Required work: An exact copy of the data is required, with no pictures in it.

══ Data records ══

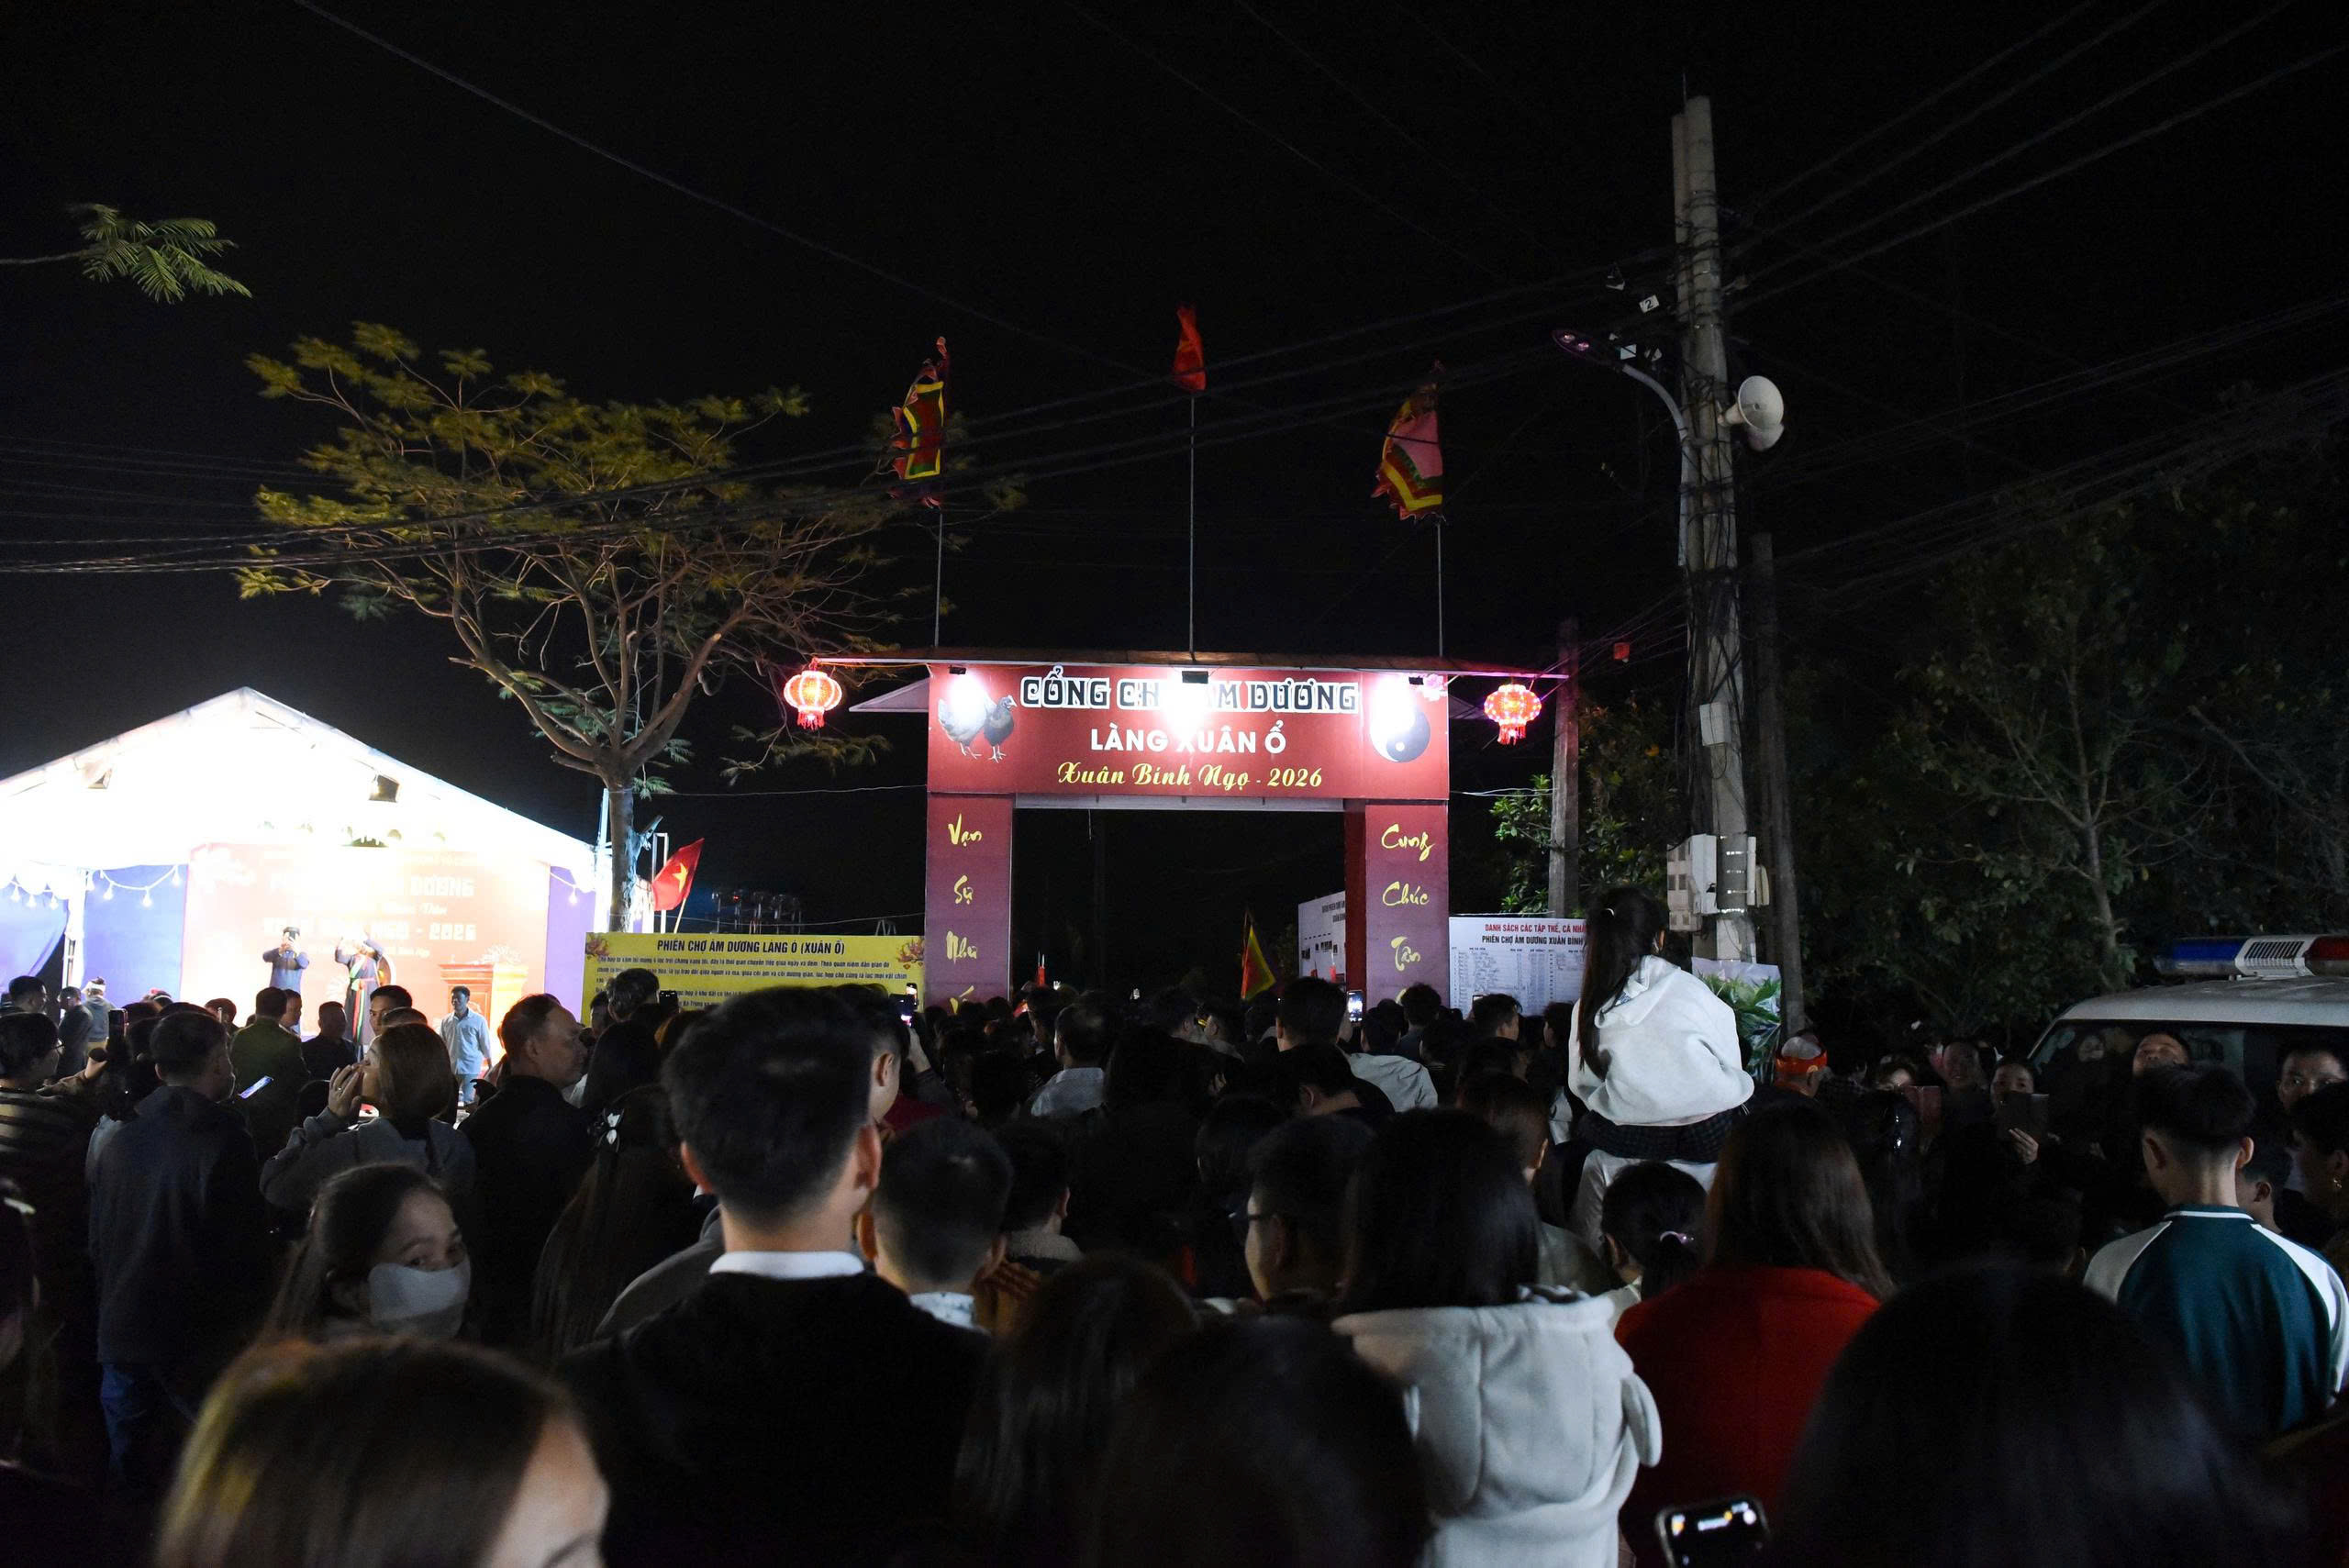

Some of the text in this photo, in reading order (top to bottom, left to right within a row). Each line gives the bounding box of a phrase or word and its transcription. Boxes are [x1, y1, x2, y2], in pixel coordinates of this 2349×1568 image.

[1644, 299, 1653, 308] 2
[1021, 667, 1108, 707] CỔNG
[1250, 679, 1357, 712] DƯƠNG
[1091, 722, 1169, 751] LÀNG
[1264, 720, 1286, 754] Ổ
[1058, 762, 1125, 784] Xuân
[1198, 764, 1251, 791] Ngọ
[1267, 767, 1322, 787] 2026
[948, 813, 983, 847] Vạn
[1381, 823, 1435, 862] Cung
[1383, 881, 1430, 906] Chúc
[1482, 934, 1499, 943] PHIÊN
[1501, 935, 1513, 946] CHỢ
[1515, 934, 1524, 945] ÂM
[1526, 935, 1547, 945] DƯƠNG
[1549, 935, 1566, 945] XUÂN
[1485, 924, 1501, 932] DANH
[1503, 923, 1519, 932] SÁCH
[1520, 923, 1532, 932] CÁC
[1534, 923, 1546, 934] TẬP
[1563, 923, 1571, 933] CÁ
[657, 939, 685, 951] PHIÊN
[688, 939, 707, 954] CHỢ
[709, 938, 725, 952] ÂM
[727, 940, 760, 952] DƯƠNG
[763, 940, 788, 953] LÀNG
[946, 930, 977, 964] Như
[1390, 936, 1421, 972] Tân
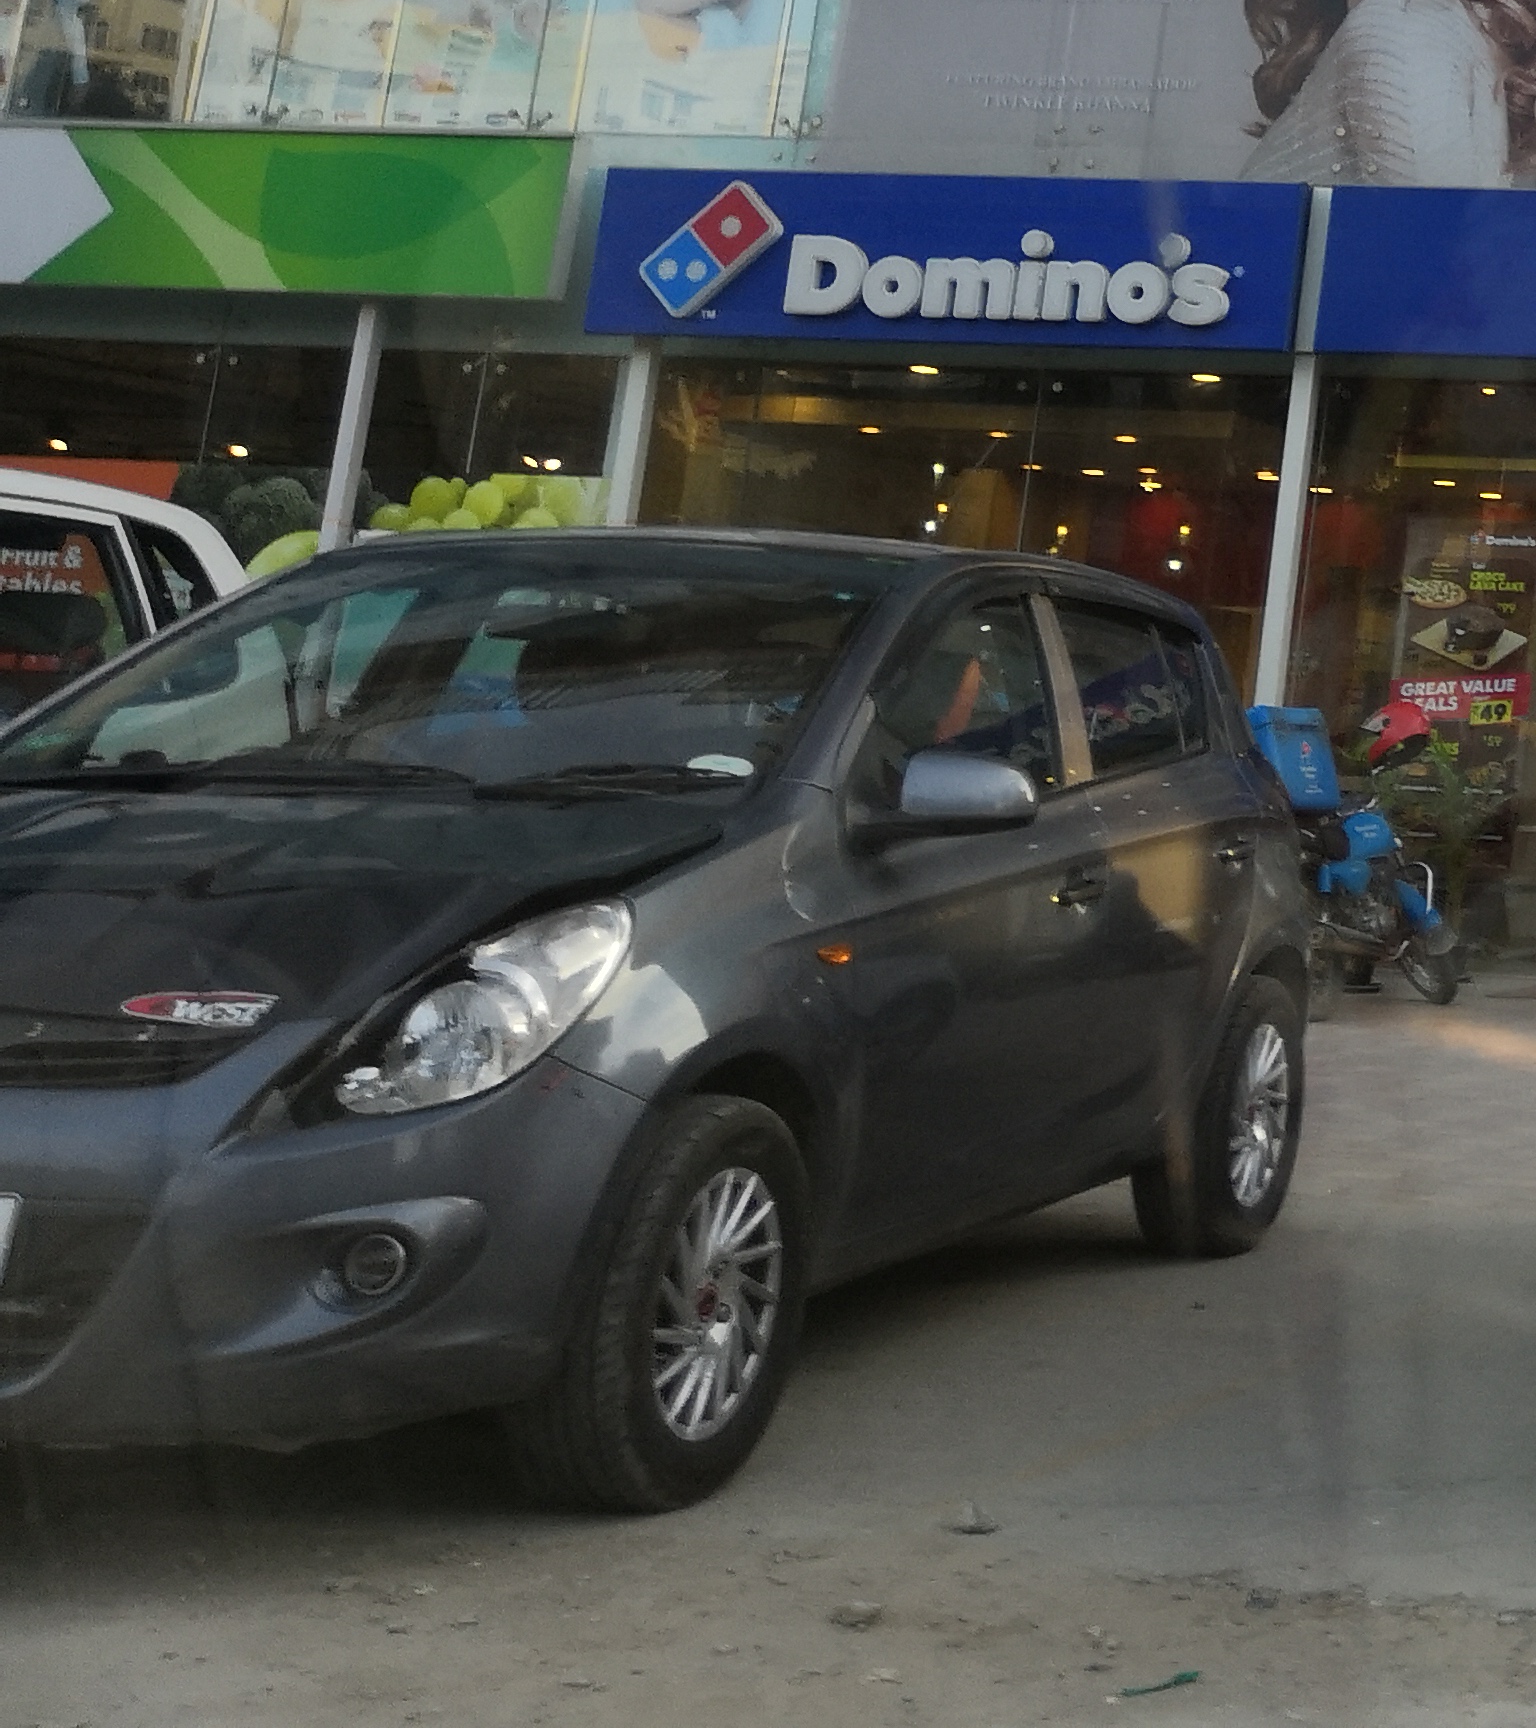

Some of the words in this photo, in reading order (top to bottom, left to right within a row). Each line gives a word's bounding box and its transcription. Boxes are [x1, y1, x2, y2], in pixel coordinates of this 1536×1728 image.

[782, 228, 1232, 328] Domino's
[1400, 681, 1457, 697] GREAT
[1460, 678, 1517, 694] VALUE
[1401, 696, 1459, 712] EALS
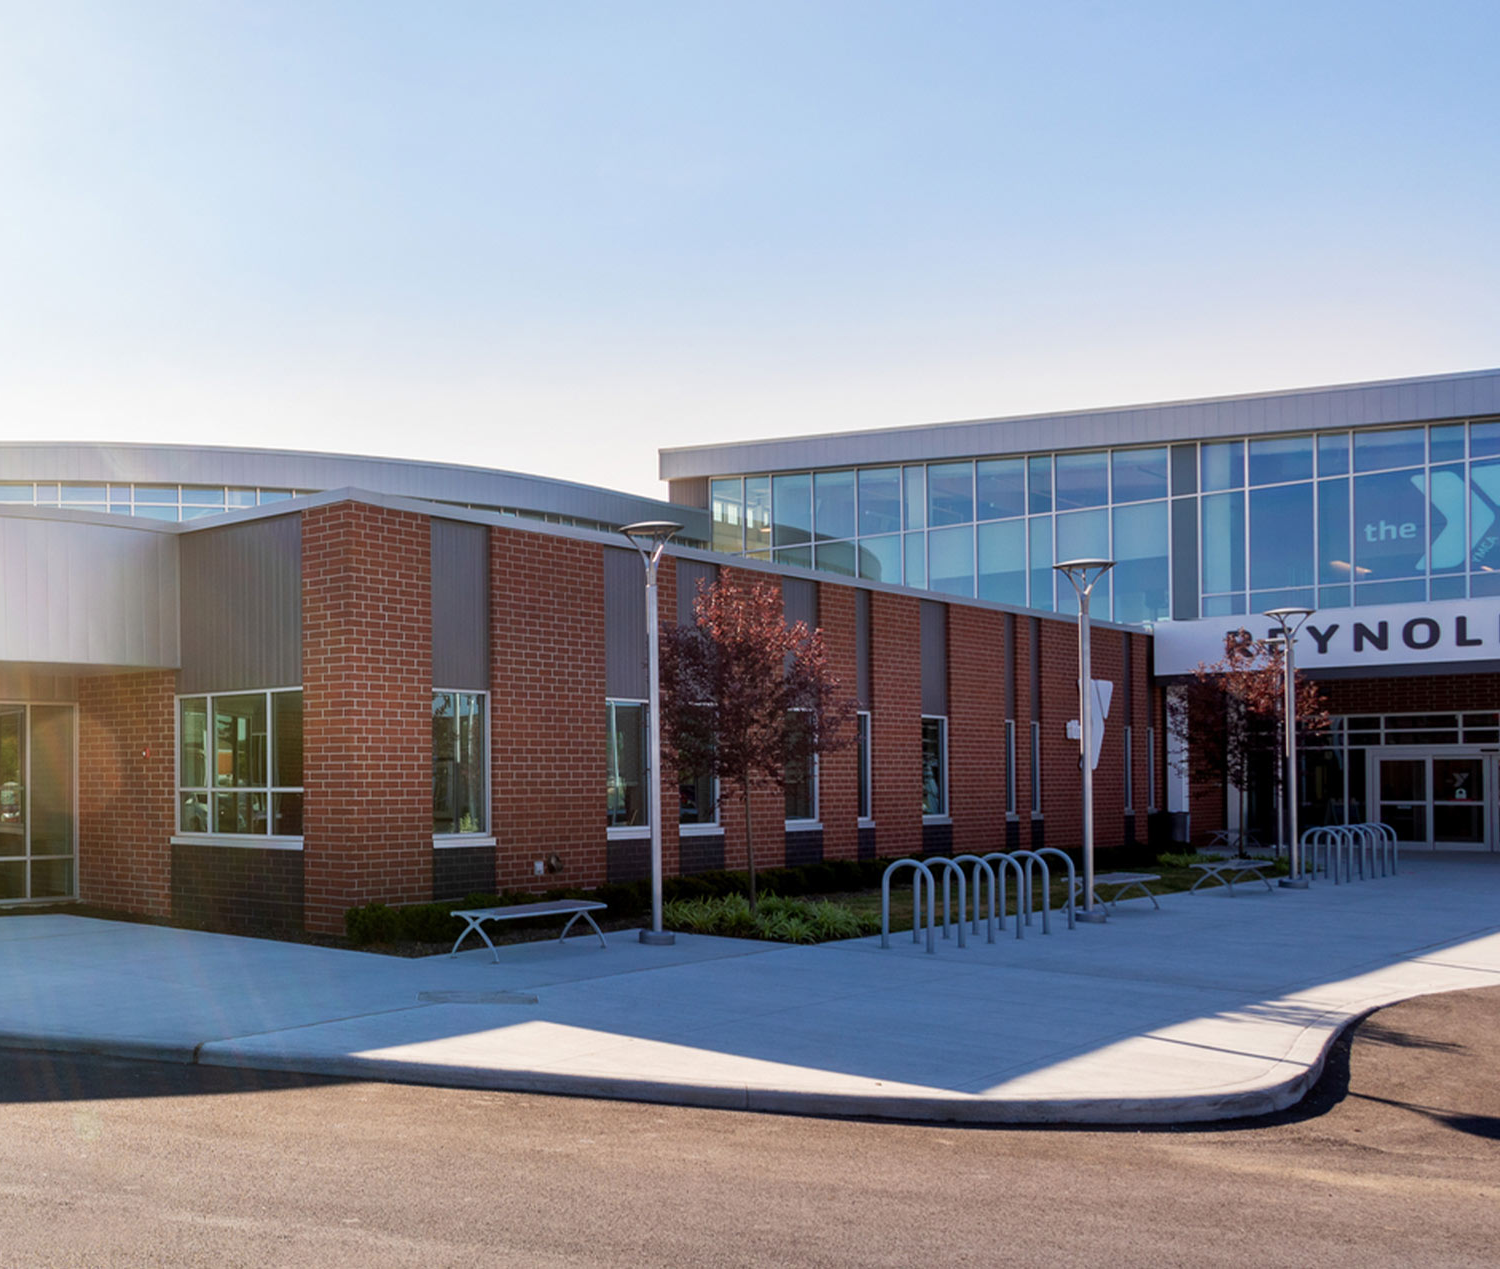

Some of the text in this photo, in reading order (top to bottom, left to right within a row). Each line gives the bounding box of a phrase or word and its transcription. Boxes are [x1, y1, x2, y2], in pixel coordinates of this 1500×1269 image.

═══

Solution for this task:
Some of the text in this photo, in reading order (top to bottom, left to right within a row). Each line gives the bounding box of a phrase or word and its transcription. Boxes are [x1, y1, x2, y2], in pixel coordinates of this 2349×1568 image.

[1644, 299, 1653, 308] 2
[1021, 667, 1108, 707] CỔNG
[1250, 679, 1357, 712] DƯƠNG
[1091, 722, 1169, 751] LÀNG
[1264, 720, 1286, 754] Ổ
[1058, 762, 1125, 784] Xuân
[1198, 764, 1251, 791] Ngọ
[1267, 767, 1322, 787] 2026
[948, 813, 983, 847] Vạn
[1381, 823, 1435, 862] Cung
[1383, 881, 1430, 906] Chúc
[1482, 934, 1499, 943] PHIÊN
[1501, 935, 1513, 946] CHỢ
[1515, 934, 1524, 945] ÂM
[1526, 935, 1547, 945] DƯƠNG
[1549, 935, 1566, 945] XUÂN
[1485, 924, 1501, 932] DANH
[1503, 923, 1519, 932] SÁCH
[1520, 923, 1532, 932] CÁC
[1534, 923, 1546, 934] TẬP
[1563, 923, 1571, 933] CÁ
[657, 939, 685, 951] PHIÊN
[688, 939, 707, 954] CHỢ
[709, 938, 725, 952] ÂM
[727, 940, 760, 952] DƯƠNG
[763, 940, 788, 953] LÀNG
[946, 930, 977, 964] Như
[1390, 936, 1421, 972] Tân

Some of the words in this photo, in reading order (top to bottom, left to right within a row). Each line gives a word's bounding box and its transcription. Boxes are [x1, y1, x2, y2], in pixel coordinates of this 1536×1728 image.

[782, 228, 1232, 328] Domino's
[1400, 681, 1457, 697] GREAT
[1460, 678, 1517, 694] VALUE
[1401, 696, 1459, 712] EALS

Some of the text in this photo, in reading order (top to bottom, left to right within a row). Each line gives the bounding box of a phrase or word and its transcription. Boxes are [x1, y1, x2, y2], in pixel coordinates of this 1500×1269 image.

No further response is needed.